** Opening Working data block **
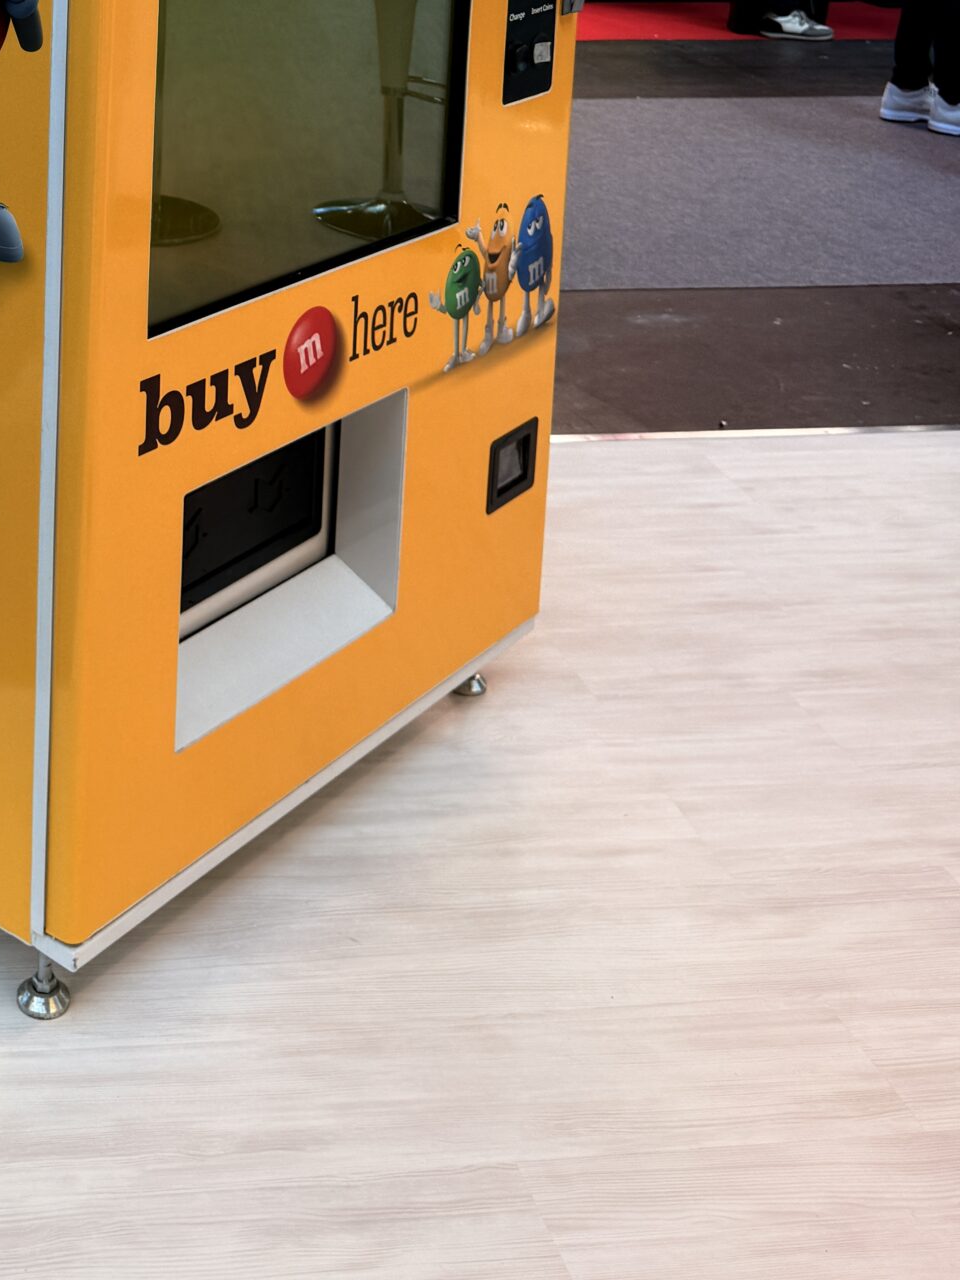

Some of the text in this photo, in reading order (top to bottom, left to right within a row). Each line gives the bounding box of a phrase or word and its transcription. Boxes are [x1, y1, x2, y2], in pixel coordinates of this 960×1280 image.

[531, 3, 553, 14] Insert Coins
[509, 12, 525, 21] Change
[138, 292, 418, 457] buy m here
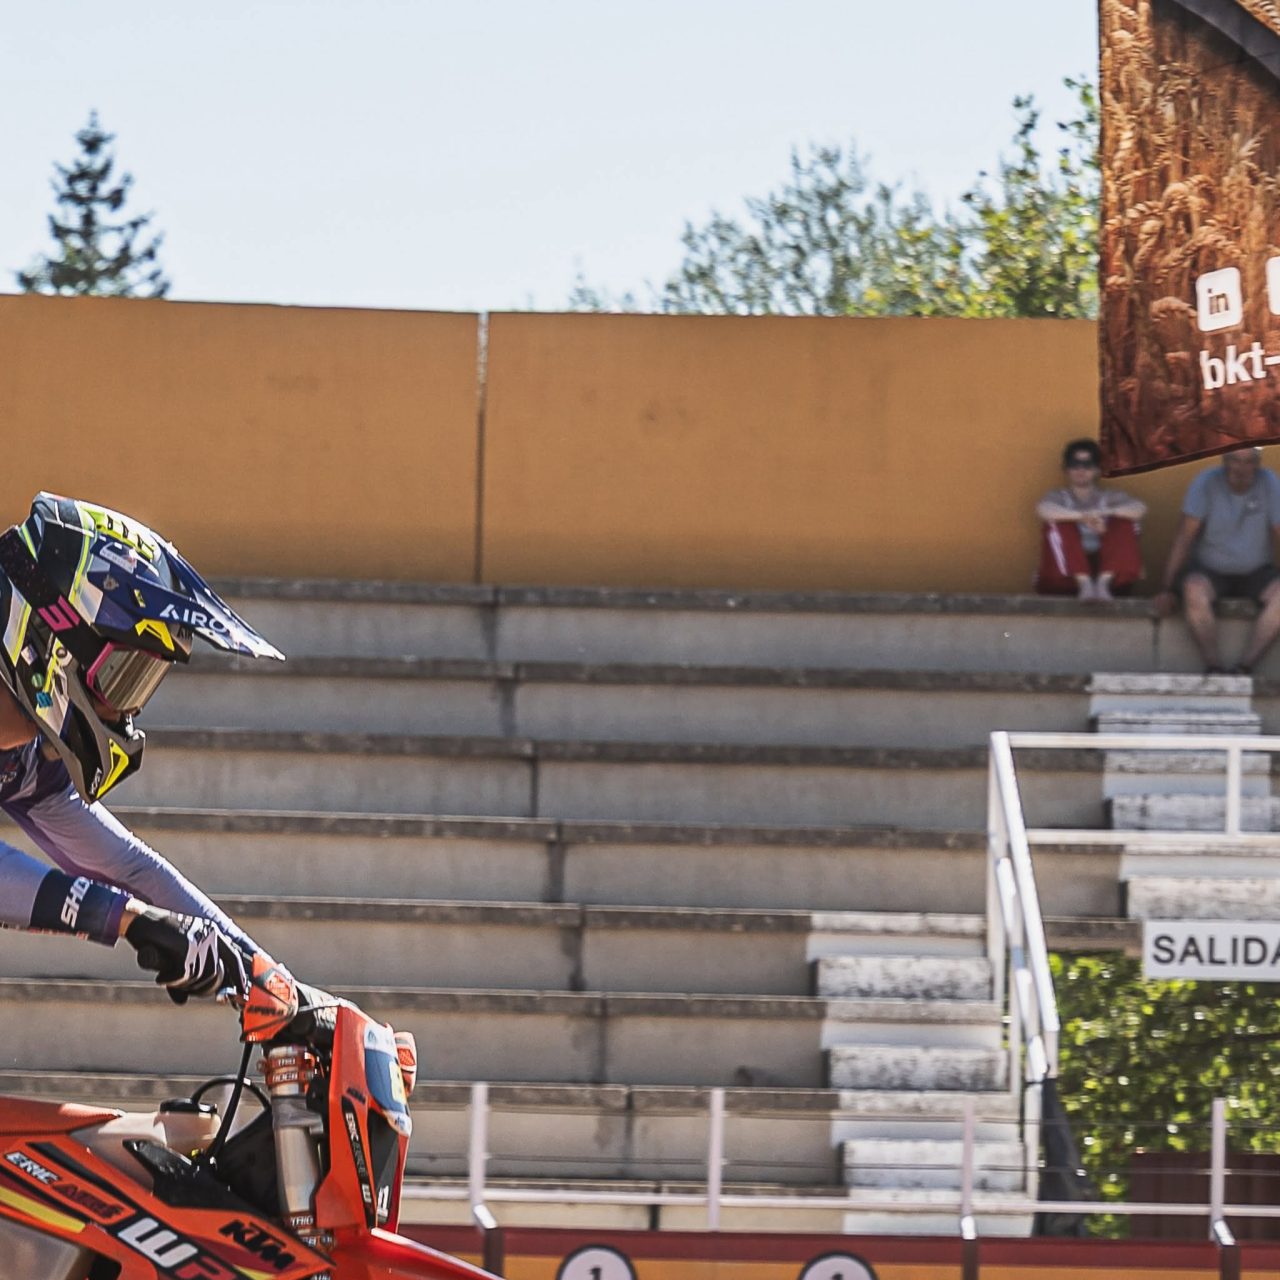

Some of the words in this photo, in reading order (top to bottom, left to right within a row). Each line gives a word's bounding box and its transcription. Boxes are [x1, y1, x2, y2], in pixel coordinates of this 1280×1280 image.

[1206, 288, 1230, 315] in
[160, 603, 237, 638] AIRO
[60, 875, 93, 929] SHO
[218, 1219, 297, 1270] KTM
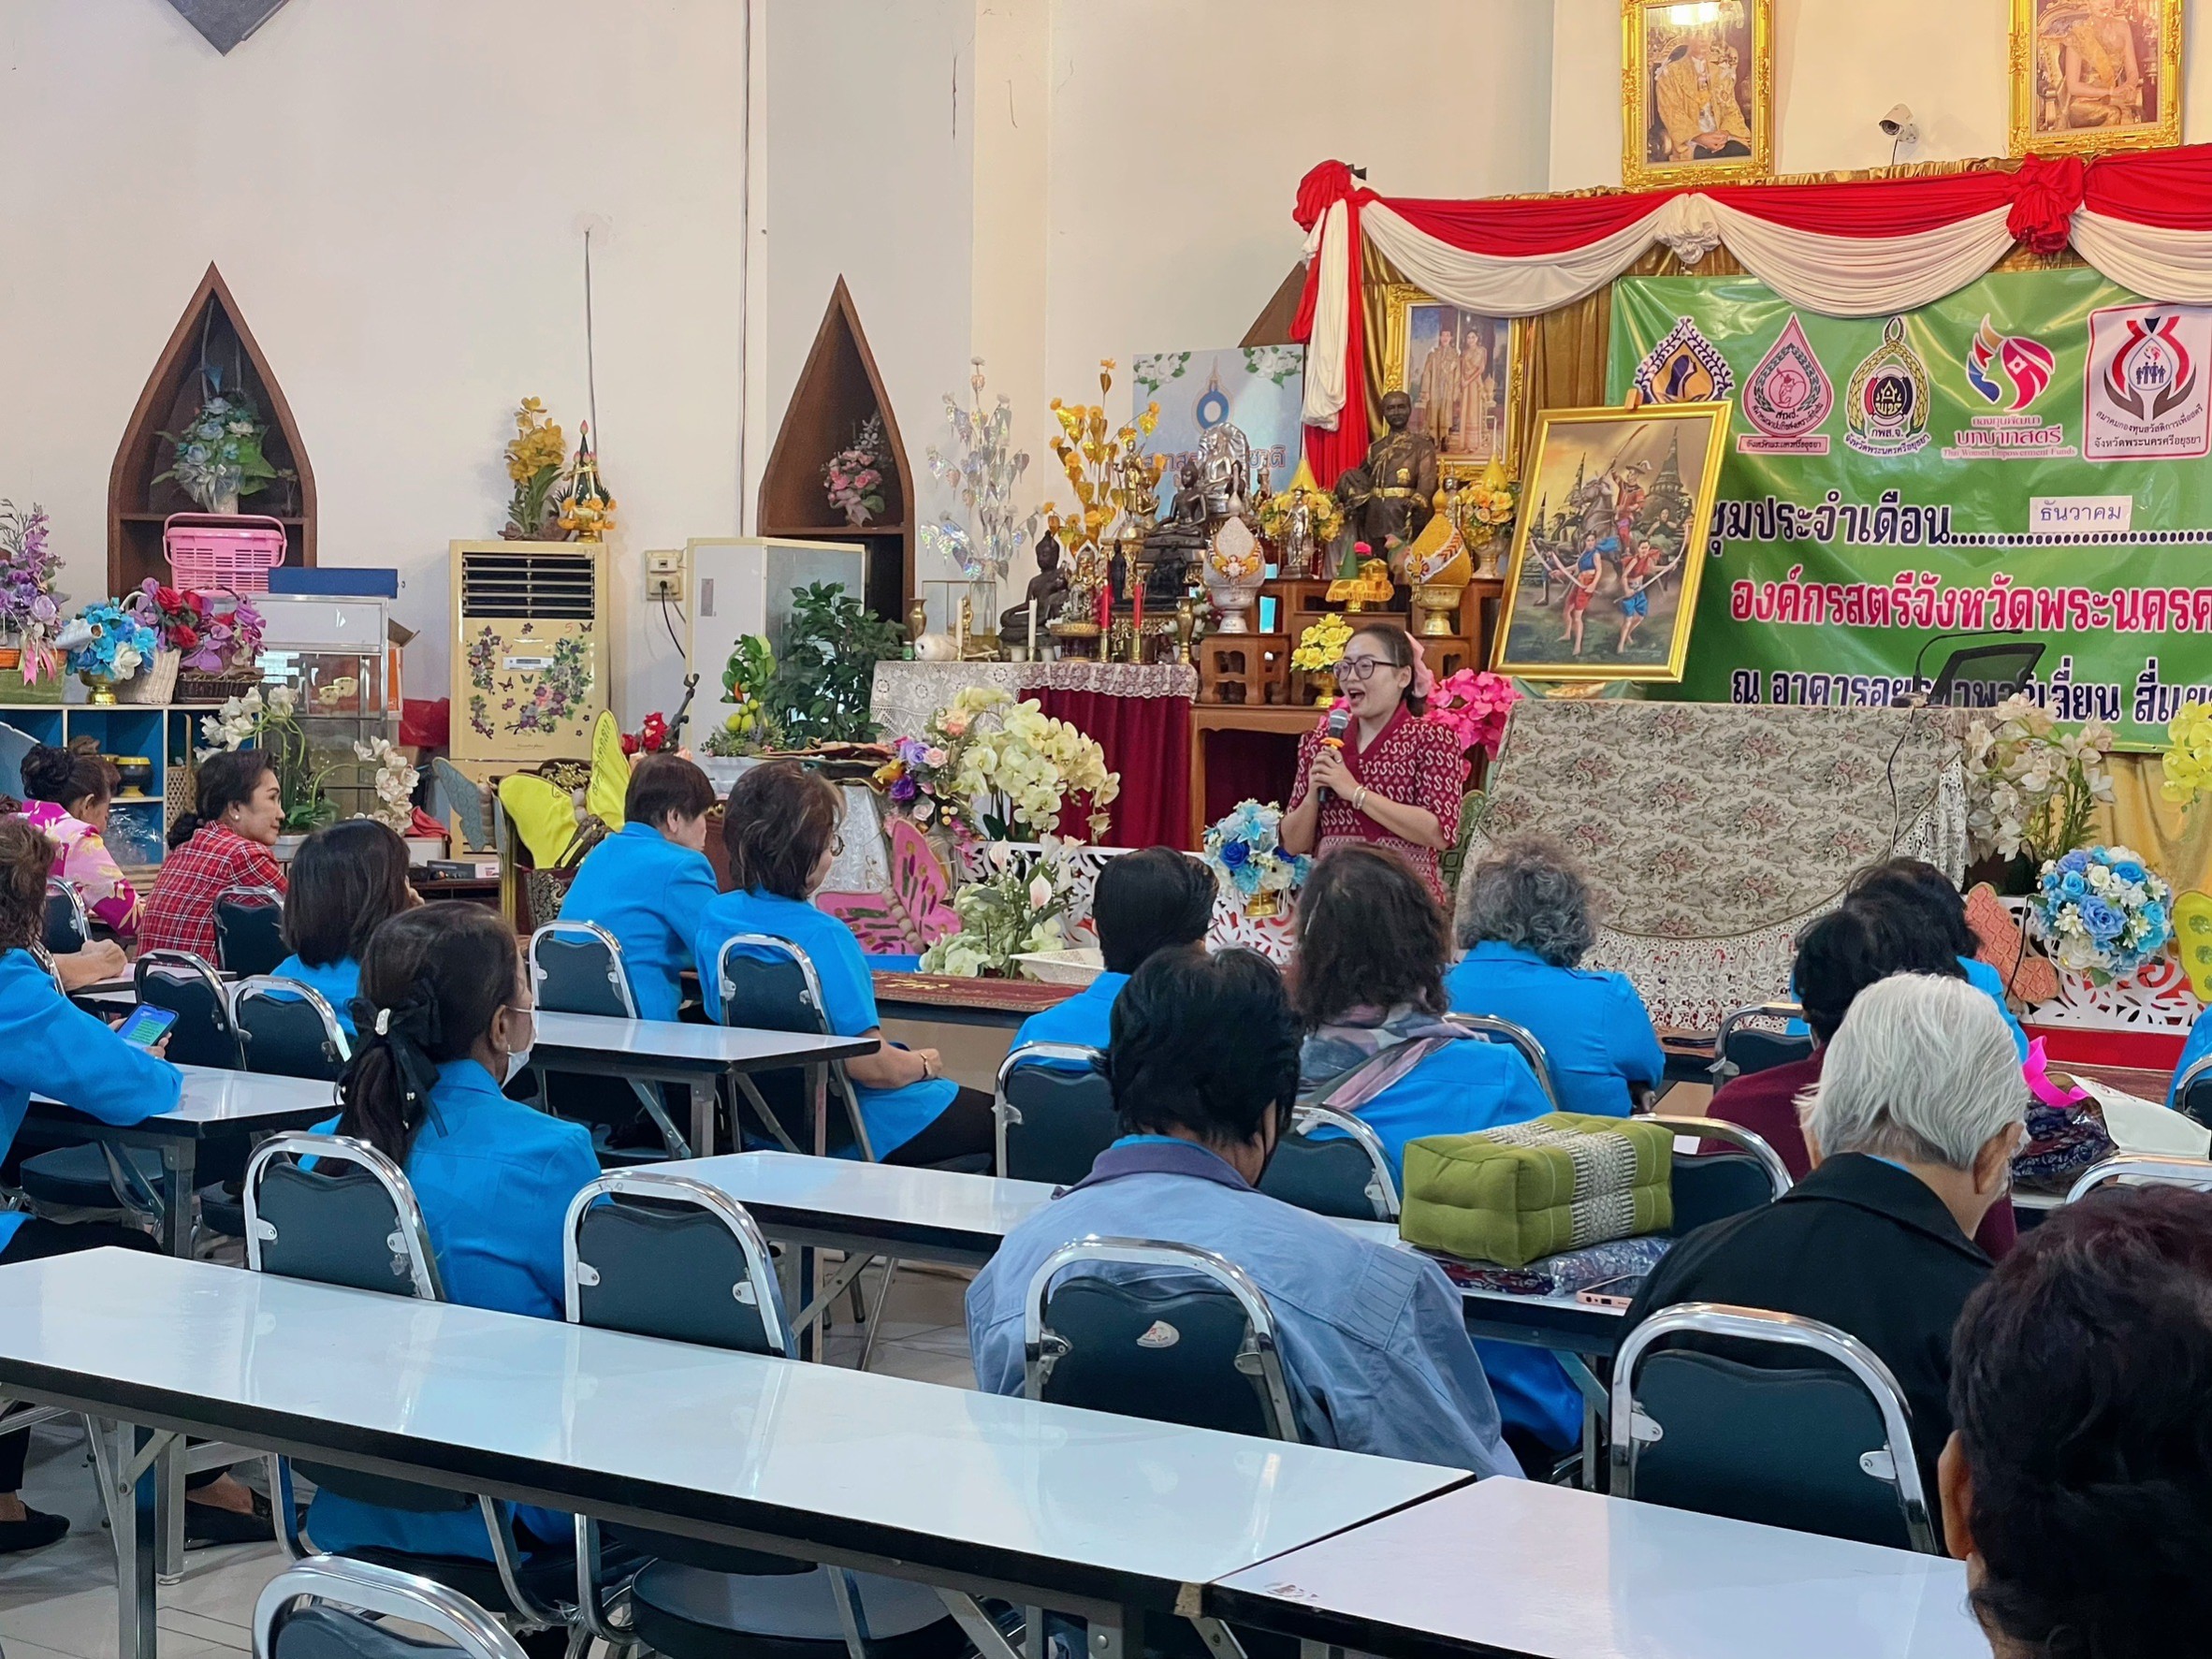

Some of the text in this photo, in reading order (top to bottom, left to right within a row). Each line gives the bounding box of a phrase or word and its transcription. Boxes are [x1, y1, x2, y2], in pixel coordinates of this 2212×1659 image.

[2094, 434, 2201, 448] จังหวัดพระนครศรีอยุธยา
[1991, 448, 2048, 458] Empowerment
[2051, 447, 2075, 456] Funds
[2040, 499, 2122, 522] ธันวาคม
** Closing Working data block **
> [How to complete this task]:
Without including any pictures, repeat the records above exactly.

> [Solution for this exercise]:
Some of the text in this photo, in reading order (top to bottom, left to right within a row). Each line gives the bounding box of a phrase or word and its transcription. Boxes are [x1, y1, x2, y2], in pixel coordinates of this 960×1280 image.

[531, 3, 553, 14] Insert Coins
[509, 12, 525, 21] Change
[138, 292, 418, 457] buy m here

Some of the words in this photo, in reading order (top to bottom, left to right within a row). Each line gives a word's bounding box and its transcription. Boxes are [x1, y1, x2, y2], in pixel coordinates of this 1280×1280 image.

[1206, 288, 1230, 315] in
[160, 603, 237, 638] AIRO
[60, 875, 93, 929] SHO
[218, 1219, 297, 1270] KTM

Some of the text in this photo, in reading order (top to bottom, left to right within a row). Each line gives the bounding box of a phrase or word and its transcription. Boxes are [x1, y1, x2, y2], in pixel coordinates of this 2212×1659 image.

[2094, 434, 2201, 448] จังหวัดพระนครศรีอยุธยา
[1991, 448, 2048, 458] Empowerment
[2051, 447, 2075, 456] Funds
[2040, 499, 2122, 522] ธันวาคม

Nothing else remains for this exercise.